:: Work item ::
Leave every picture out, and write out the remaining entries exactly.

:: Data ::
+--

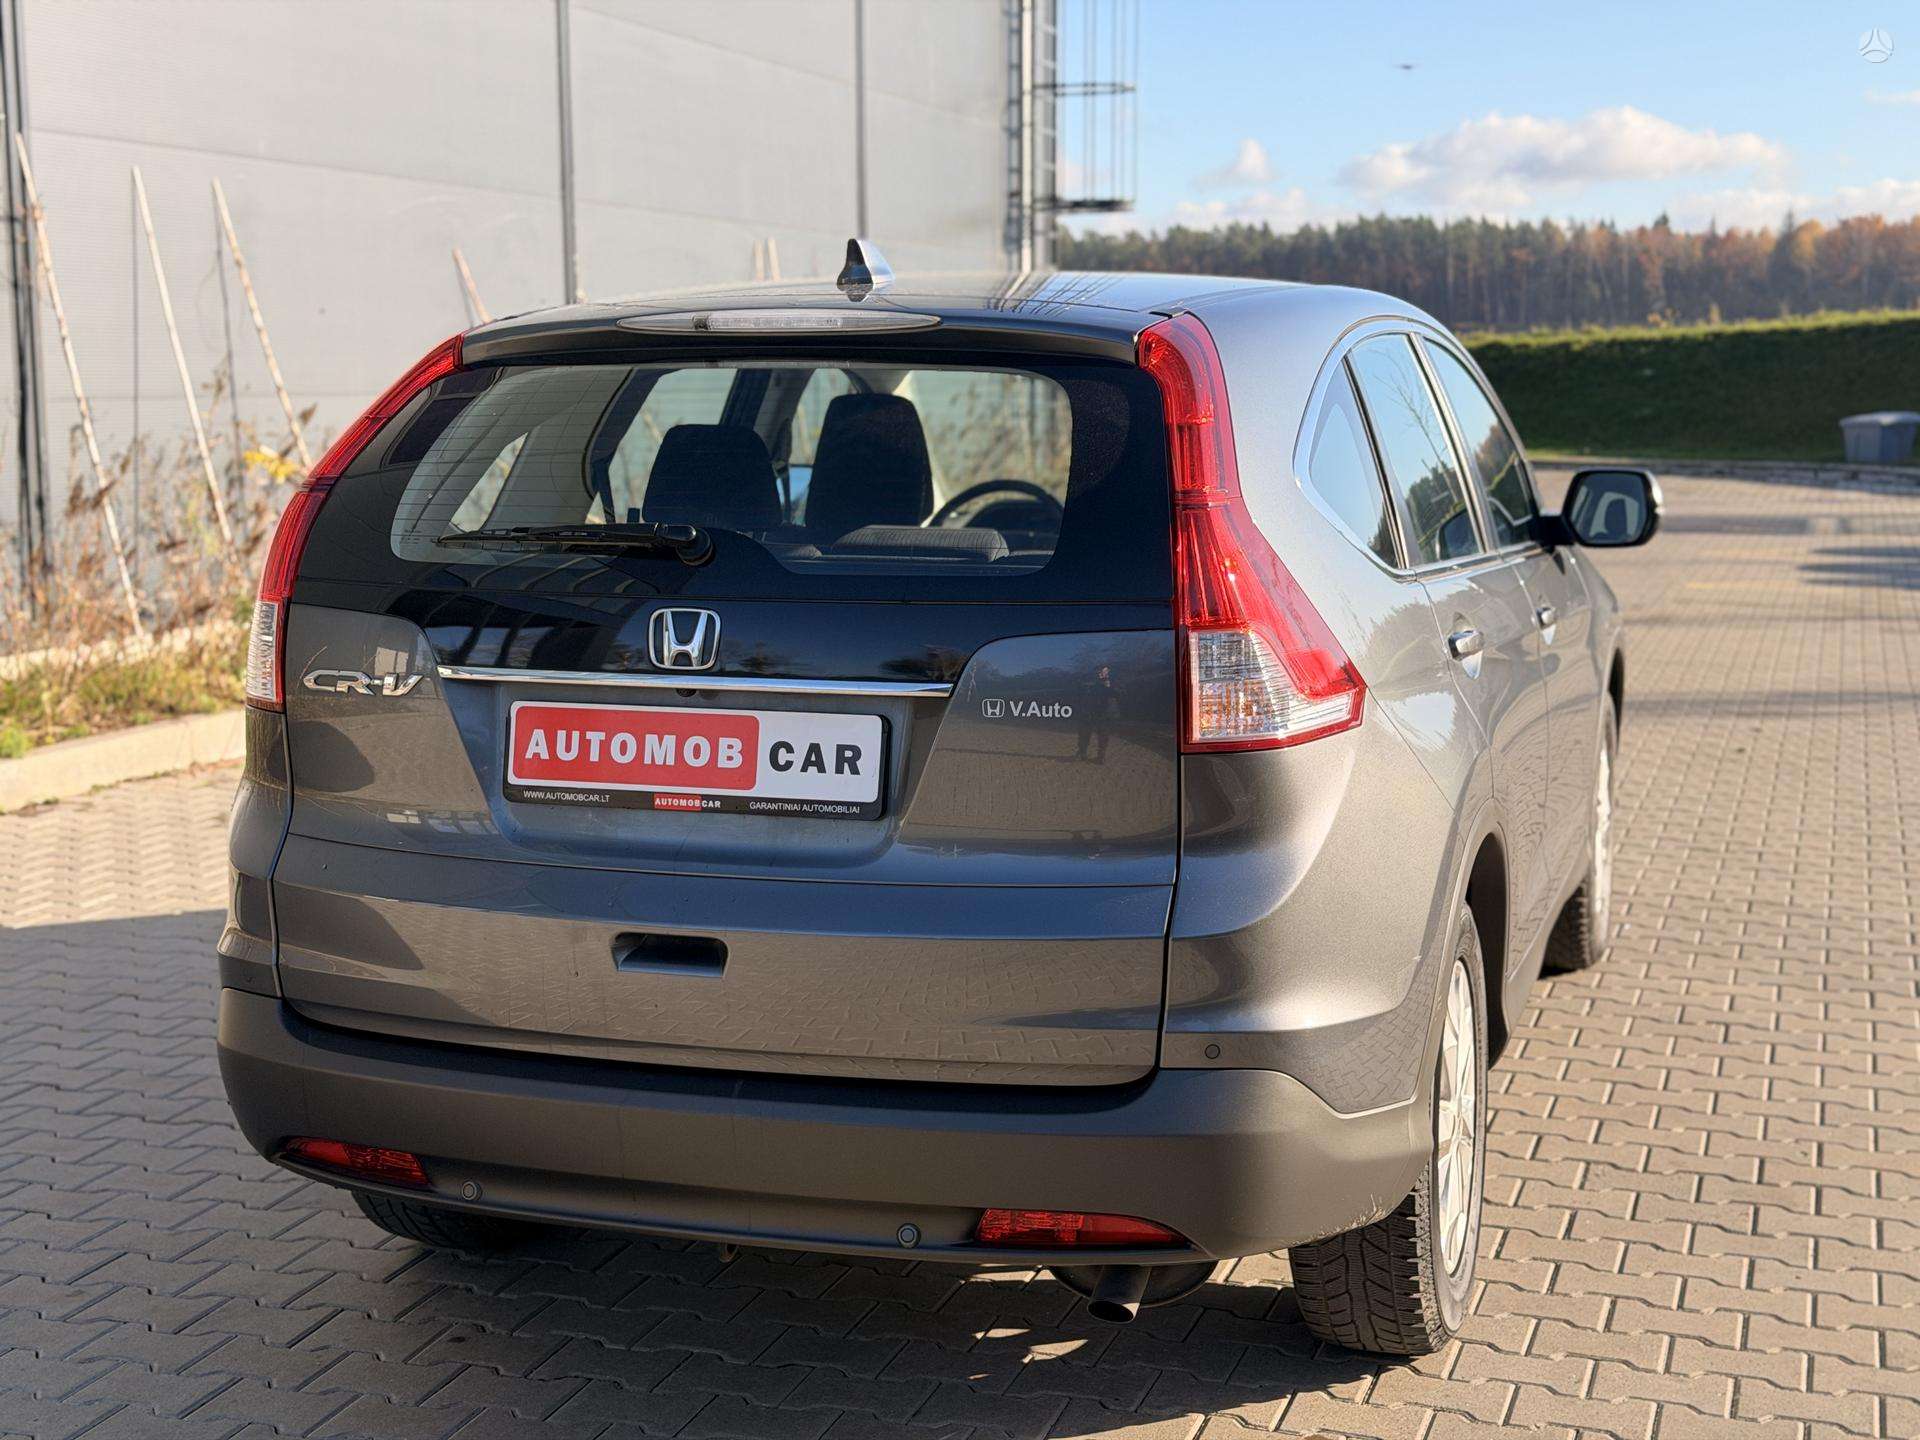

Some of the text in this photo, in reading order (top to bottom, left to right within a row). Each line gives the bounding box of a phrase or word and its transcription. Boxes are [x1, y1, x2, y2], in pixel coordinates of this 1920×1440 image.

[303, 669, 425, 697] CR-V
[1009, 700, 1073, 718] V.Auto
[524, 728, 862, 776] AUTOMOB CAR
[523, 790, 611, 803] WWW.AUTOMOBCAR.LT

+--

:: Reply ::
Some of the text in this photo, in reading order (top to bottom, left to right within a row). Each line gives the bounding box of a phrase or word and its transcription. Boxes are [x1, y1, x2, y2], in pixel coordinates of this 1920×1440 image.

[303, 669, 425, 697] CR-V
[1009, 700, 1073, 718] V.Auto
[524, 728, 862, 776] AUTOMOB CAR
[523, 790, 611, 803] WWW.AUTOMOBCAR.LT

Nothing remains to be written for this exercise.